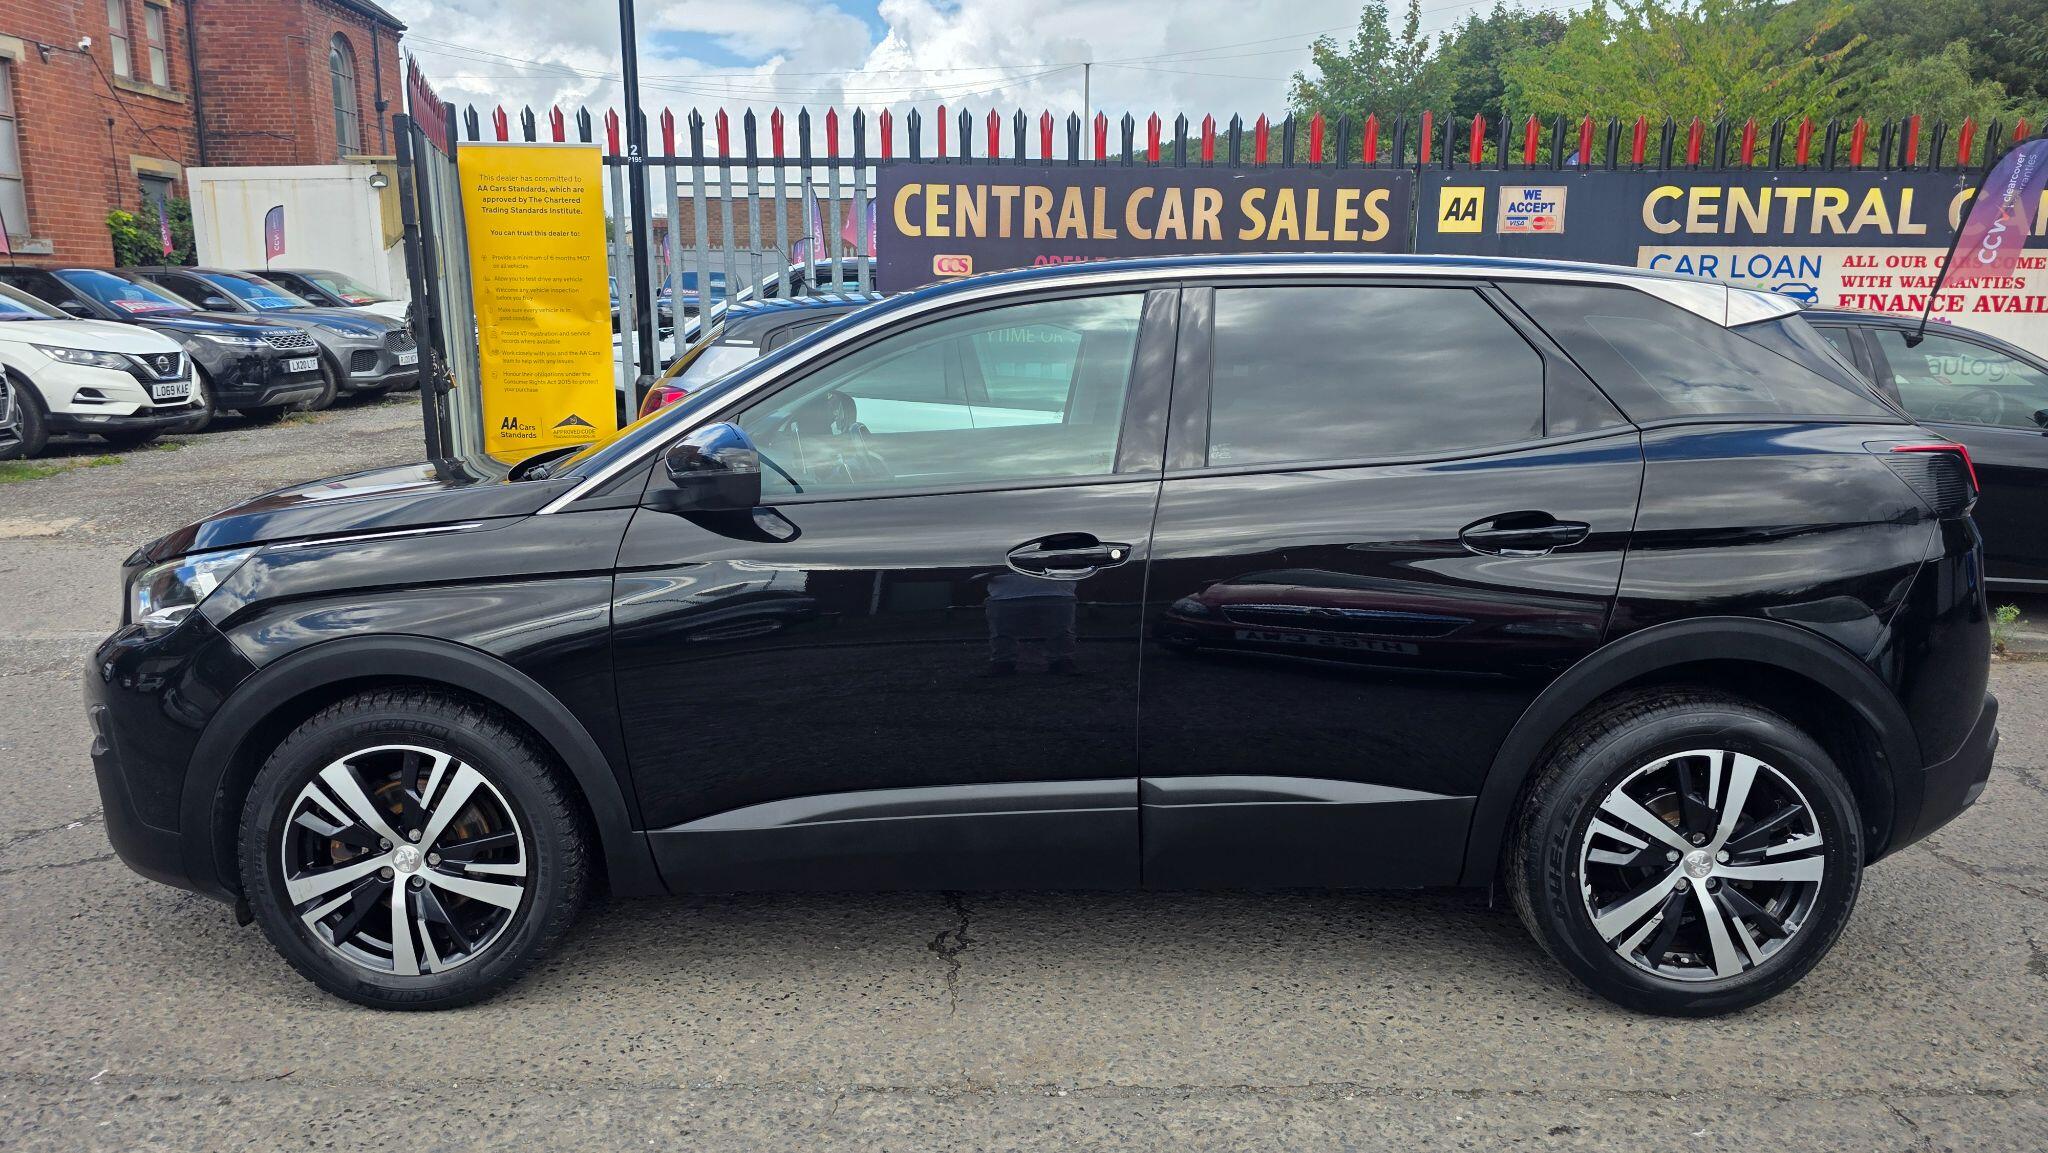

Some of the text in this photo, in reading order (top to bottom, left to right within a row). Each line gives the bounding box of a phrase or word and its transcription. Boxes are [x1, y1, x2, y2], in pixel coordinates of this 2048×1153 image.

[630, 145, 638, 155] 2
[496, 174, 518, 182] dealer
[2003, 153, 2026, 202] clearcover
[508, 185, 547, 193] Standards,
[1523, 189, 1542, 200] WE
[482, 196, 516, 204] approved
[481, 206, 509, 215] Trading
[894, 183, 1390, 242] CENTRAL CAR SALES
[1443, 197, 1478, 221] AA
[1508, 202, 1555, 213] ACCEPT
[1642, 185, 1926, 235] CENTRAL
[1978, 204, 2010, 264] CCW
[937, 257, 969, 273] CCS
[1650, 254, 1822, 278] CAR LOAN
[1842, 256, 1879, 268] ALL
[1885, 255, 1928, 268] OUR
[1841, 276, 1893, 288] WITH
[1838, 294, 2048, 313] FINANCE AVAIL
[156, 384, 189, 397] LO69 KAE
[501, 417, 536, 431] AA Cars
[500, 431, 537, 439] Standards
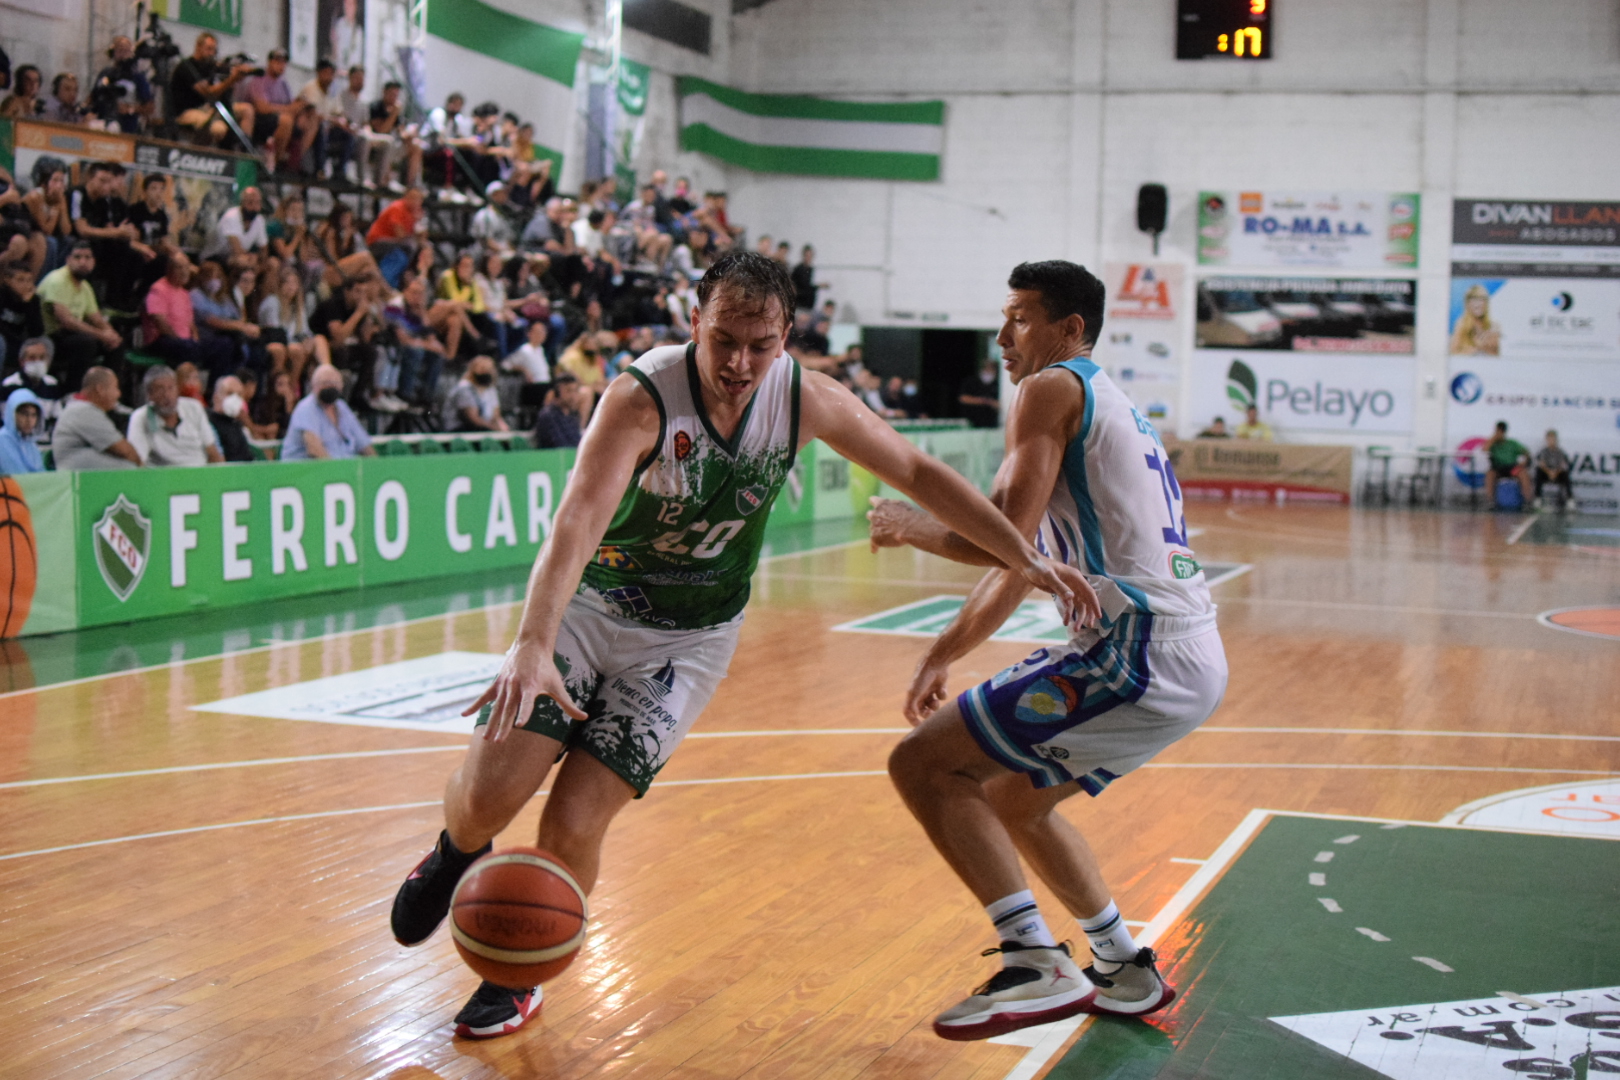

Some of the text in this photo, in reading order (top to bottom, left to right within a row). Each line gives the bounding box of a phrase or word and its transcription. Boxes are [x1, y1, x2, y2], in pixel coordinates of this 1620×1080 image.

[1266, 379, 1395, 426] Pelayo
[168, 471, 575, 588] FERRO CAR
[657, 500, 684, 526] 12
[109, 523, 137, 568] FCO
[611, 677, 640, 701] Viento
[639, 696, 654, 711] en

**Problem to solve:** Please retype the data exactly. The pictures do not go in.

**Result for this exercise:**
Some of the text in this photo, in reading order (top to bottom, left to right within a row). Each line gives the bounding box of a phrase or word and its transcription. Boxes are [x1, y1, x2, y2], in pixel coordinates of this 2048×1153 image.

[630, 145, 638, 155] 2
[496, 174, 518, 182] dealer
[2003, 153, 2026, 202] clearcover
[508, 185, 547, 193] Standards,
[1523, 189, 1542, 200] WE
[482, 196, 516, 204] approved
[481, 206, 509, 215] Trading
[894, 183, 1390, 242] CENTRAL CAR SALES
[1443, 197, 1478, 221] AA
[1508, 202, 1555, 213] ACCEPT
[1642, 185, 1926, 235] CENTRAL
[1978, 204, 2010, 264] CCW
[937, 257, 969, 273] CCS
[1650, 254, 1822, 278] CAR LOAN
[1842, 256, 1879, 268] ALL
[1885, 255, 1928, 268] OUR
[1841, 276, 1893, 288] WITH
[1838, 294, 2048, 313] FINANCE AVAIL
[156, 384, 189, 397] LO69 KAE
[501, 417, 536, 431] AA Cars
[500, 431, 537, 439] Standards

Some of the text in this photo, in reading order (top to bottom, left to right within a row). Each line gives the bounding box of a phrase or word and its transcription. Boxes are [x1, y1, x2, y2], in pixel coordinates of this 1620×1080 image.

[1266, 379, 1395, 426] Pelayo
[168, 471, 575, 588] FERRO CAR
[657, 500, 684, 526] 12
[109, 523, 137, 568] FCO
[611, 677, 640, 701] Viento
[639, 696, 654, 711] en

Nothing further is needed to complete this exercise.